Each entry below has to be written out again exactly.

(Data for review Opens)

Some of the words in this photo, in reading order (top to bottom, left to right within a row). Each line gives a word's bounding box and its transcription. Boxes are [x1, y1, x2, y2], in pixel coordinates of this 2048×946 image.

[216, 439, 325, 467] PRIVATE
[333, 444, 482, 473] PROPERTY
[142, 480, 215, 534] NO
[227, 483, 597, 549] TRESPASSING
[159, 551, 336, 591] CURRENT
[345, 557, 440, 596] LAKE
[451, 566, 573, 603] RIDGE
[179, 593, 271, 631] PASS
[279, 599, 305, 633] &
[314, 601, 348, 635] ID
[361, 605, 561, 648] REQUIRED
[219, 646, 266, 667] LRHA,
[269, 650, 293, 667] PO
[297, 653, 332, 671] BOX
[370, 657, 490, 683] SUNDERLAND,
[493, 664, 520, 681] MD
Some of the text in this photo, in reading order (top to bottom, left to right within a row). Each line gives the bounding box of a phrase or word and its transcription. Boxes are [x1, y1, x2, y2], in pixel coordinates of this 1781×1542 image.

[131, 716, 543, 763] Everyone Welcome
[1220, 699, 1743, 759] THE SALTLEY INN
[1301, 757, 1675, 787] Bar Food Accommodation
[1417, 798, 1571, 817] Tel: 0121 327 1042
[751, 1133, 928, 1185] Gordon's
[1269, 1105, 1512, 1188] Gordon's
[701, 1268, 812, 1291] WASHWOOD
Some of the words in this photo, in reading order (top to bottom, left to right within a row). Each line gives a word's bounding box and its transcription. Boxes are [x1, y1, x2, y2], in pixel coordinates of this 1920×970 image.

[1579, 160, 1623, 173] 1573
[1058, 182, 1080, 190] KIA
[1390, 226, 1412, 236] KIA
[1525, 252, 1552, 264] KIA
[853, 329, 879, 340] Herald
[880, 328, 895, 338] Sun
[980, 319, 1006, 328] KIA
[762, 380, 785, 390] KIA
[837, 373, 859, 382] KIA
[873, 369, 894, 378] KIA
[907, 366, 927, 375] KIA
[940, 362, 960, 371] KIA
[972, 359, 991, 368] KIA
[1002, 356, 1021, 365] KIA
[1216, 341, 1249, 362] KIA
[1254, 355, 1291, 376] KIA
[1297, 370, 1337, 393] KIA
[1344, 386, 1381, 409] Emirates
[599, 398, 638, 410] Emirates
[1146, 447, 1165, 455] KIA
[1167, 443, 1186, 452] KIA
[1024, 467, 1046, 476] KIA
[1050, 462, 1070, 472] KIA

(Data for review Closes)

▶ _Answer to this task_:
Some of the words in this photo, in reading order (top to bottom, left to right within a row). Each line gives a word's bounding box and its transcription. Boxes are [x1, y1, x2, y2], in pixel coordinates of this 2048×946 image.

[216, 439, 325, 467] PRIVATE
[333, 444, 482, 473] PROPERTY
[142, 480, 215, 534] NO
[227, 483, 597, 549] TRESPASSING
[159, 551, 336, 591] CURRENT
[345, 557, 440, 596] LAKE
[451, 566, 573, 603] RIDGE
[179, 593, 271, 631] PASS
[279, 599, 305, 633] &
[314, 601, 348, 635] ID
[361, 605, 561, 648] REQUIRED
[219, 646, 266, 667] LRHA,
[269, 650, 293, 667] PO
[297, 653, 332, 671] BOX
[370, 657, 490, 683] SUNDERLAND,
[493, 664, 520, 681] MD
Some of the text in this photo, in reading order (top to bottom, left to right within a row). Each line gives the bounding box of a phrase or word and its transcription. Boxes are [x1, y1, x2, y2], in pixel coordinates of this 1781×1542 image.

[131, 716, 543, 763] Everyone Welcome
[1220, 699, 1743, 759] THE SALTLEY INN
[1301, 757, 1675, 787] Bar Food Accommodation
[1417, 798, 1571, 817] Tel: 0121 327 1042
[751, 1133, 928, 1185] Gordon's
[1269, 1105, 1512, 1188] Gordon's
[701, 1268, 812, 1291] WASHWOOD
Some of the words in this photo, in reading order (top to bottom, left to right within a row). Each line gives a word's bounding box and its transcription. Boxes are [x1, y1, x2, y2], in pixel coordinates of this 1920×970 image.

[1579, 160, 1623, 173] 1573
[1058, 182, 1080, 190] KIA
[1390, 226, 1412, 236] KIA
[1525, 252, 1552, 264] KIA
[853, 329, 879, 340] Herald
[880, 328, 895, 338] Sun
[980, 319, 1006, 328] KIA
[762, 380, 785, 390] KIA
[837, 373, 859, 382] KIA
[873, 369, 894, 378] KIA
[907, 366, 927, 375] KIA
[940, 362, 960, 371] KIA
[972, 359, 991, 368] KIA
[1002, 356, 1021, 365] KIA
[1216, 341, 1249, 362] KIA
[1254, 355, 1291, 376] KIA
[1297, 370, 1337, 393] KIA
[1344, 386, 1381, 409] Emirates
[599, 398, 638, 410] Emirates
[1146, 447, 1165, 455] KIA
[1167, 443, 1186, 452] KIA
[1024, 467, 1046, 476] KIA
[1050, 462, 1070, 472] KIA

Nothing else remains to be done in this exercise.